Introduction to The Cost of Free




Web 2.0, and its culture of collaboration and sharing, has given rise to a new group of students. No longer just consumers of culture, they are producers of culture. Born into a digital era where everything is social, everything is available, and everything can be shared, they often come into today’s classrooms and experience a kind of culture shock. They find classrooms that look not unlike those of their parents’ time. More underfunded than ever, schools struggle to meet the needs of students and teachers. What is the answer? One answer might well be to look into the culture of sharing and collaboration that is all around, look for what is free or almost free, look to the same place that students are to engage them with the tools of their trade.

Ideological, technological, and economical forces have converged to make the Internet a virtual goldmine of seemingly limitless, authentic, and relevant resources free for the taking. Free resources provide tremendous opportunities for educators and educational institutions. Yet, all free resources are not the same nor is the definition of free as straightforward as it might appear. While most tend to think of free as “without cost” (gratis), others believe passionately in the unencumbered right to free (as in liberated) knowledge. Educators and scholars through the ages have fought to keep cultural knowledge and information free.

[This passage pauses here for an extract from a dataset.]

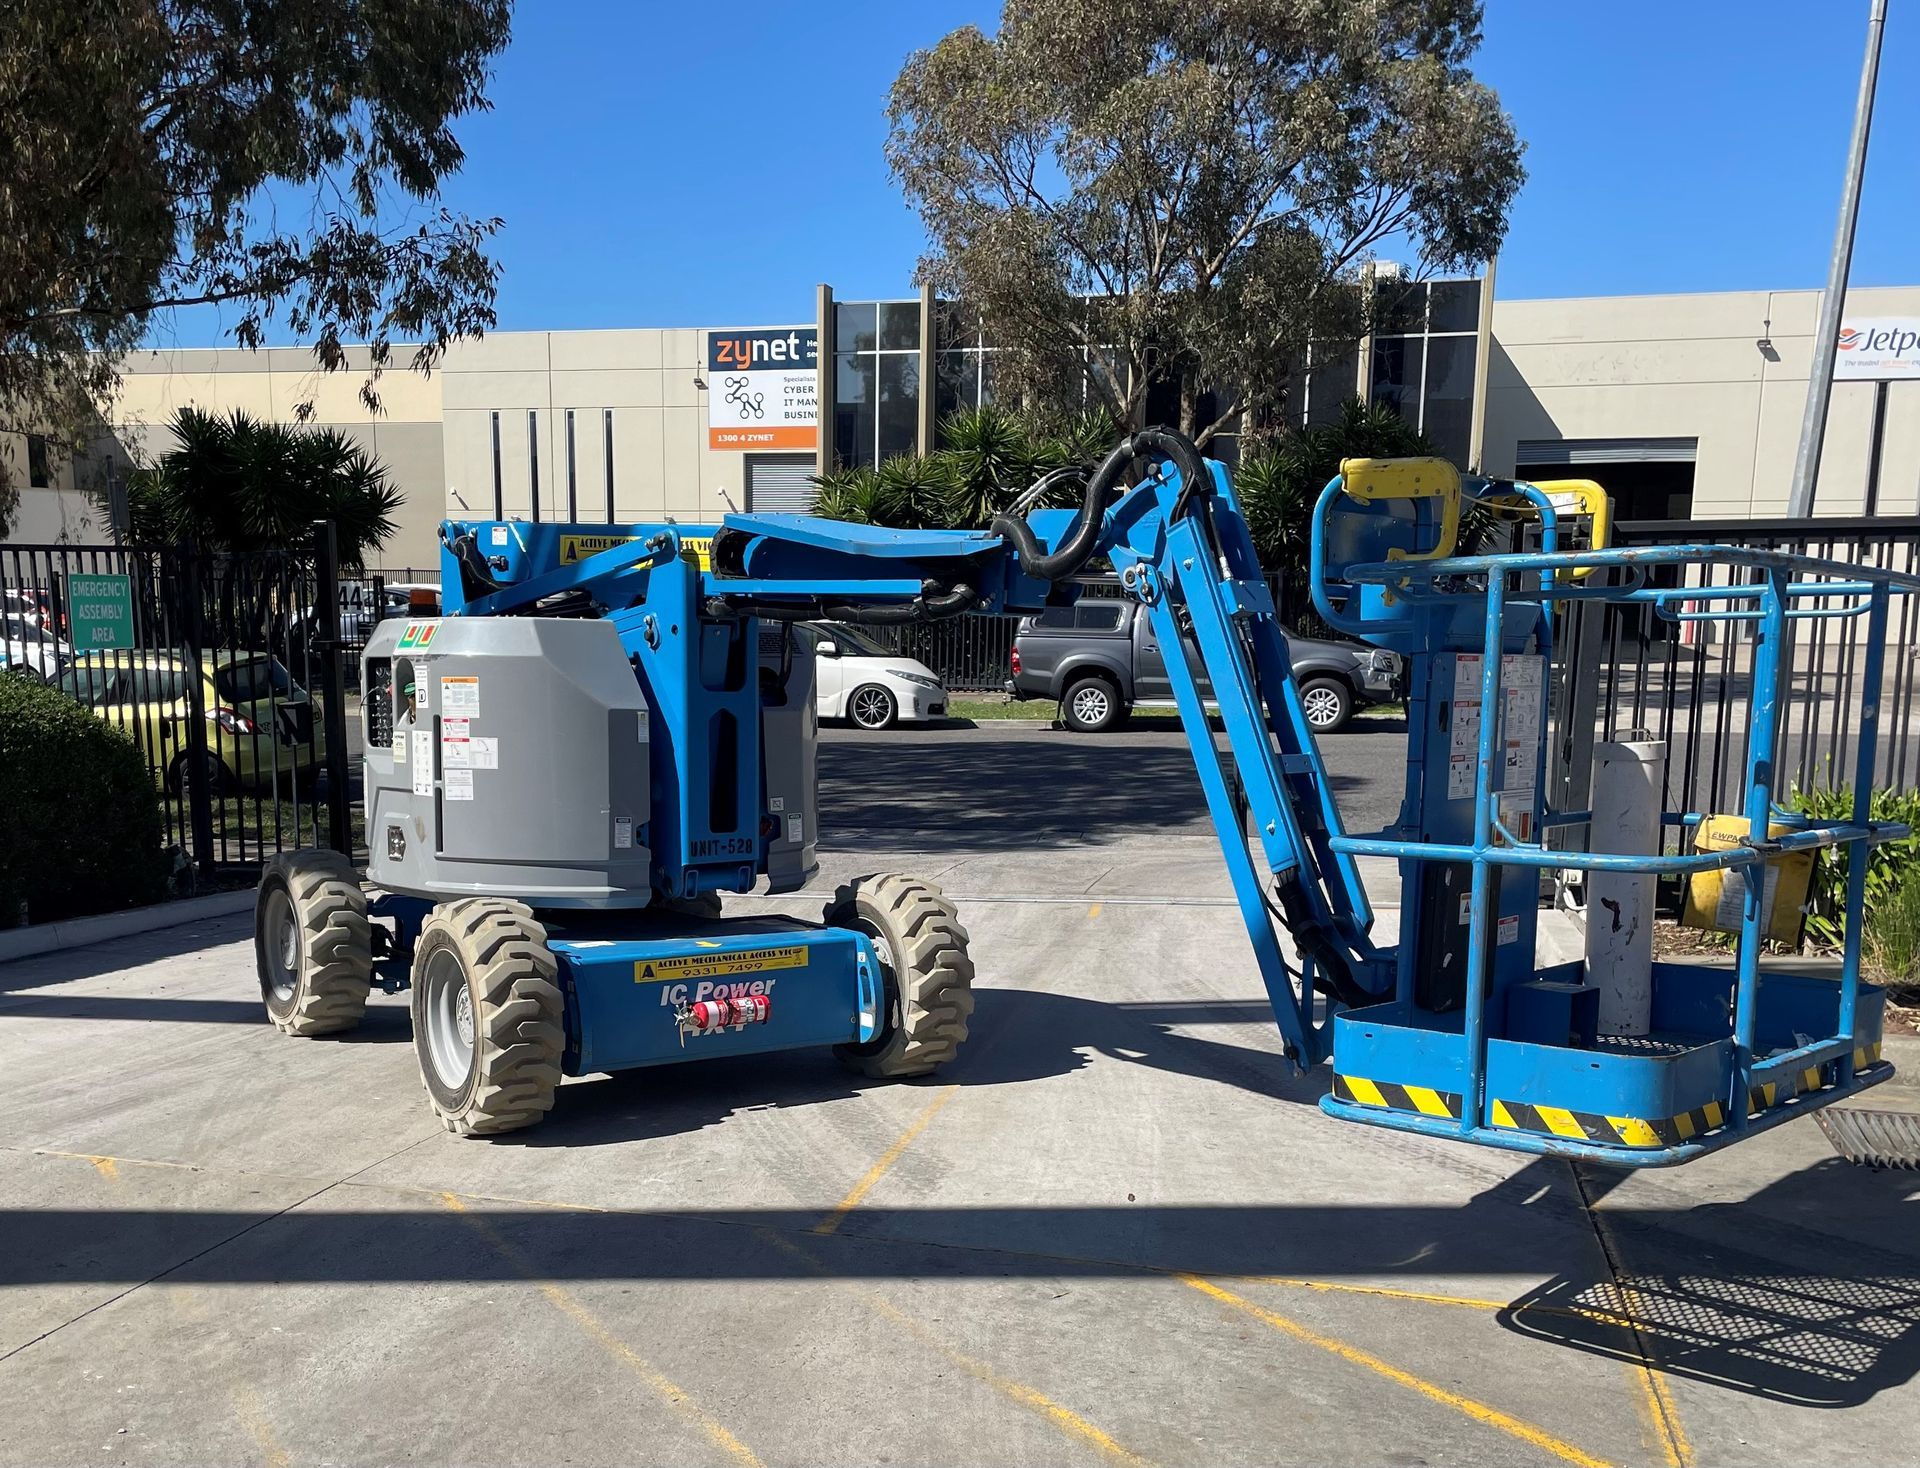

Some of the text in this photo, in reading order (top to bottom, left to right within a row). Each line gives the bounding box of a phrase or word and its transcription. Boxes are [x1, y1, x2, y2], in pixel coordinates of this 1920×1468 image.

The implications of open knowledge and open access to information in education are profound, and perhaps more important than ever in a time when the millennial generation is sharing, remixing, mashing, creating, collaborating and posting; teachers are no longer the gatekeepers to information they once were. As Nicholas Burbules suggests, students have grown up as the participants of self-educating communities with “the ethos of shared information … the spirit of sharing that views the frictionless propagation of information as a good in itself…[and the belief in a] collective intelligence in which the wisdom of the whole can be more than the sum of its parts…In self educating communities [like today’s classrooms] the roles of teacher and student become fluid; most or all participants may regard themselves as students of the ongoing subject matter, and each as potential learners as well as a potential teacher” (Burbules, Self Educating Communities: Collaboration and Learning through the Internet)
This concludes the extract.